When Mr. Todd began trapping game as a teen, the market for animal pelts was more lucrative than it is now, but it still exists and he and a friend sold close to 1,000 pelts to an overseas fur dealer this year.
Mr. Todd’s line of work can be risky. He travels with three different ladders and is out in all weather setting traps on roofs. Once while checking a beaver trap in Canaan, Mr. Todd had a close encounter with a bear. He had no place to go and backed into the water until he was up to his chin. The bear retreated. Mr. Todd handles all wildlife except bears. The Department of Environmental Conservation removes them.

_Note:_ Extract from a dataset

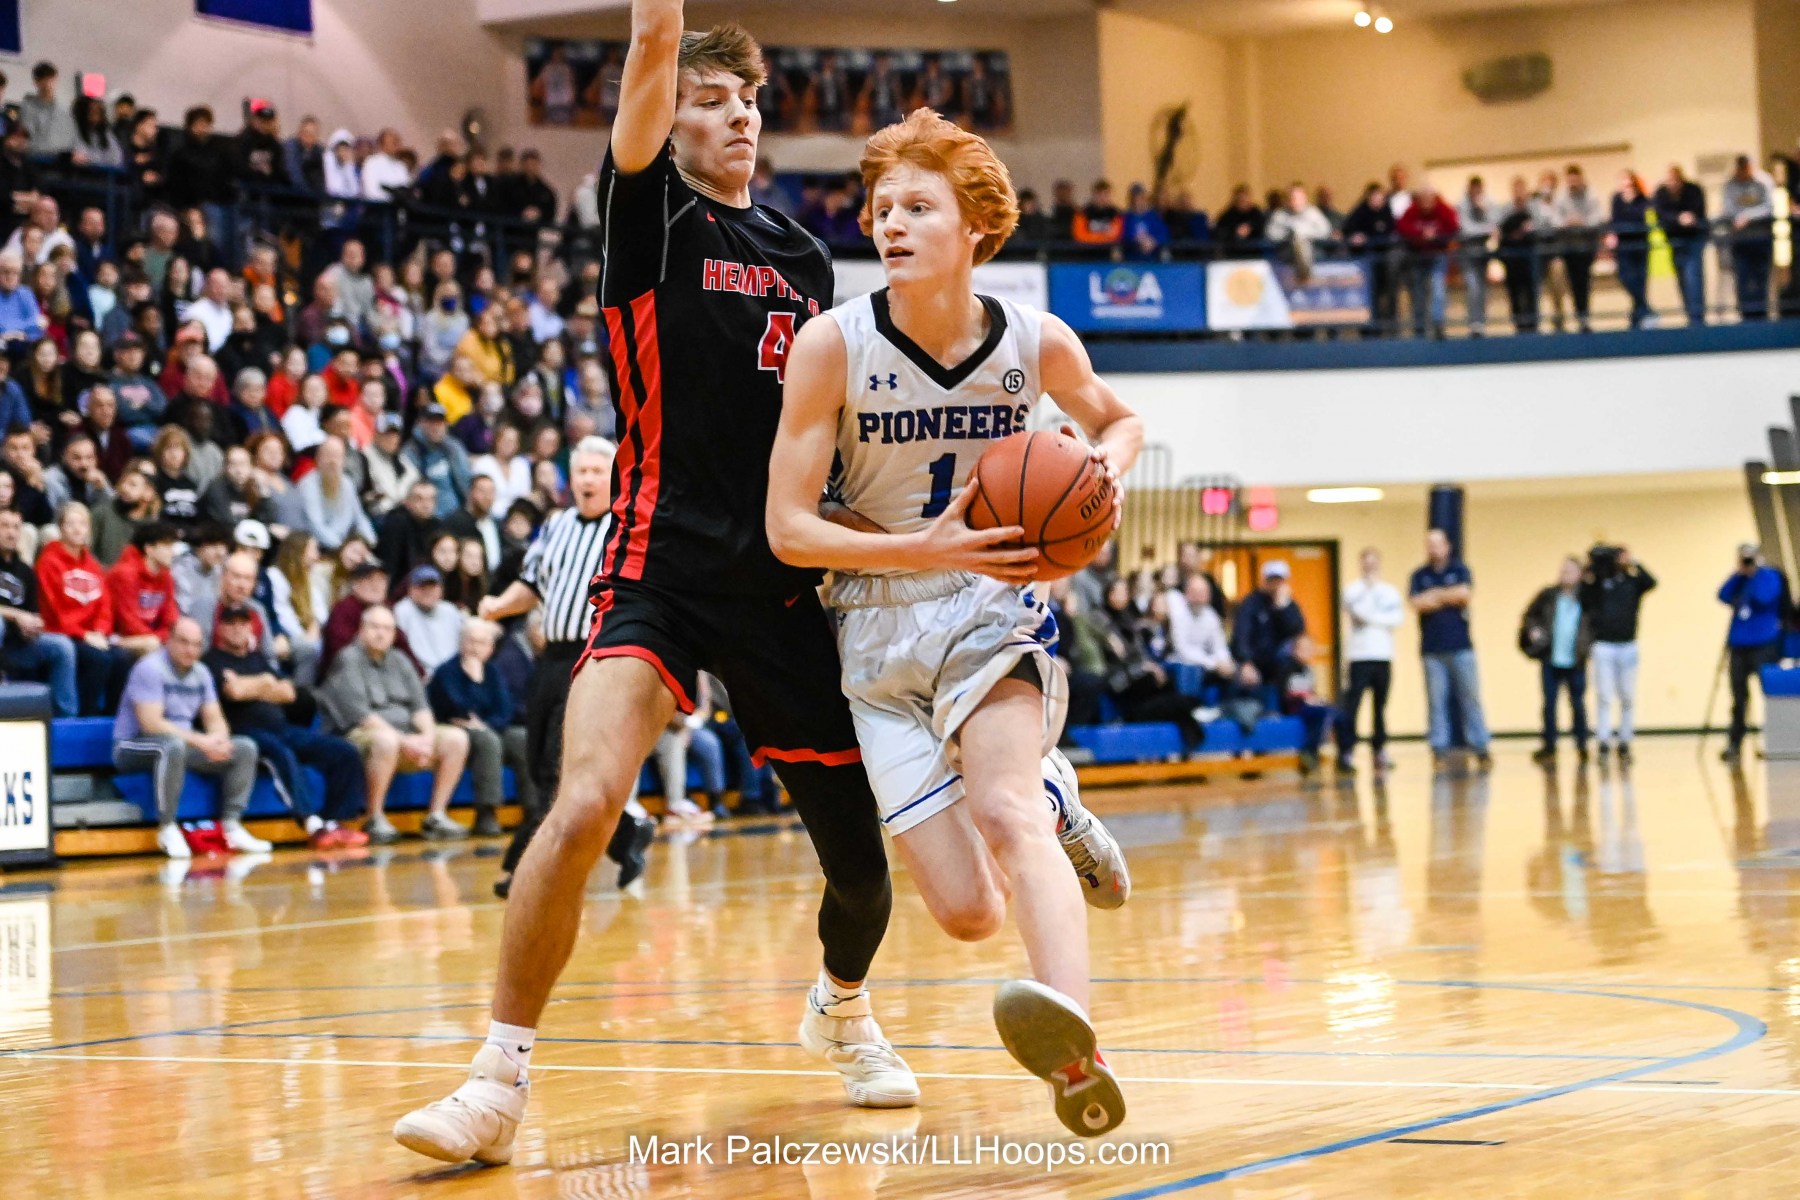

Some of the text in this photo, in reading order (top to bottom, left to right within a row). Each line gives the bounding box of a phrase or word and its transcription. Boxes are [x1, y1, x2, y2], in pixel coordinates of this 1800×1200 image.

[702, 258, 820, 317] HEMPF
[757, 311, 797, 384] 4
[857, 404, 1029, 444] PIONEERS
[920, 452, 957, 519] 1
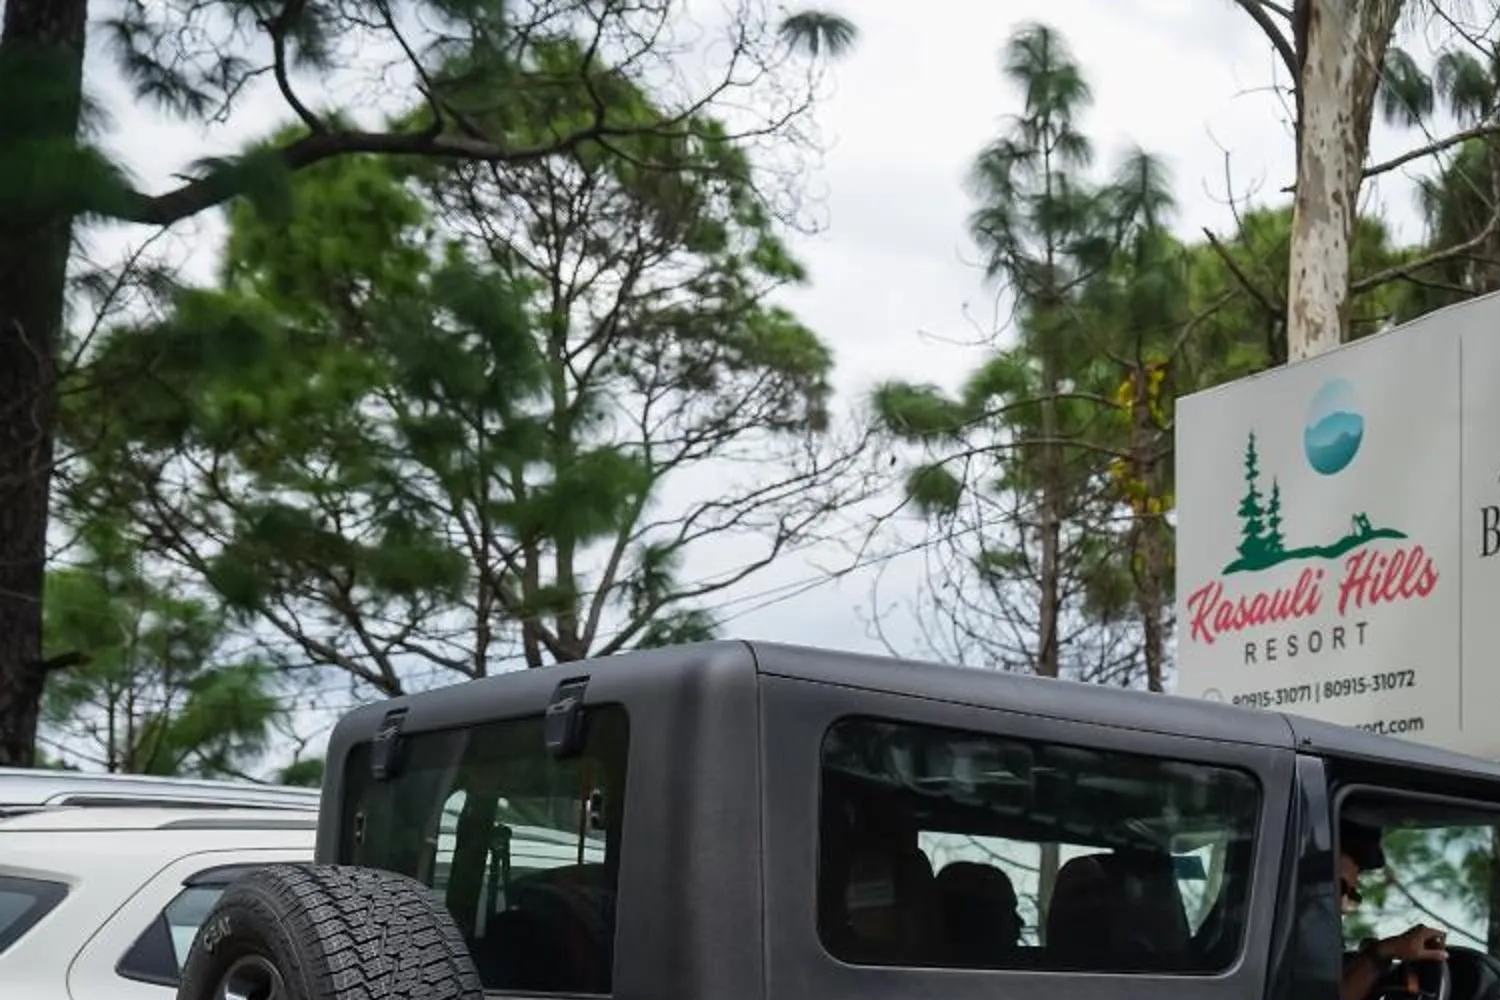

Wild animals harbor diseases that can harm humans: In addition to beavers, raccoon droppings often contain round worm eggs. “A round worm egg can survive 25 five years in a gallon of gasoline,” said Mr. Todd. Bat guano also has a pathogen. To clean it up as he gets hired to do, he uses a mask designed to protect against micro organisms.
He has been bitten close to 100 times by ticks. They are worse now than ever he says but he has not contracted Lyme disease though he did have the tick borne babesiosis. He gets tested annually for rabies vaccine titer and gets boosters as needed. Since rabies is transferred by saliva which could be left on a crate he could be exposed without knowing and has to be proactive. He is he is a frequent visitor to the health department where he brings animals, especially bats, to be tested.
Woodchuck season began two weeks early this year thanks to the warm weather. “There are more woodchucks than there are people in this county,” Mr. Todd said, as he drove to an undisclosed location to release a woodchuck and a possum, that day’s catch. This time of year he sets as many as 40 traps a day.
He has taken courses from professional wildlife organizations but says he learns most from the animals themselves. “I still learn something every day,” he said as he showed me life-sized models of dead geese he had set up next to a client’s pond. They were being observed by a cardboard life sized coyote stationed on the opposite side of the pond. Geese flew overhead but did not land.
Placement is the secret, Mr. Todd said.
“I’m glad I have this job,” he said. He quit IBM when he discovered that it was possible to make a living removing wildlife. He got his license and never looked back. “Some friends say, you can put a fishing pole in your truck and fish during part of your day. I haven’t fished in 20 years.”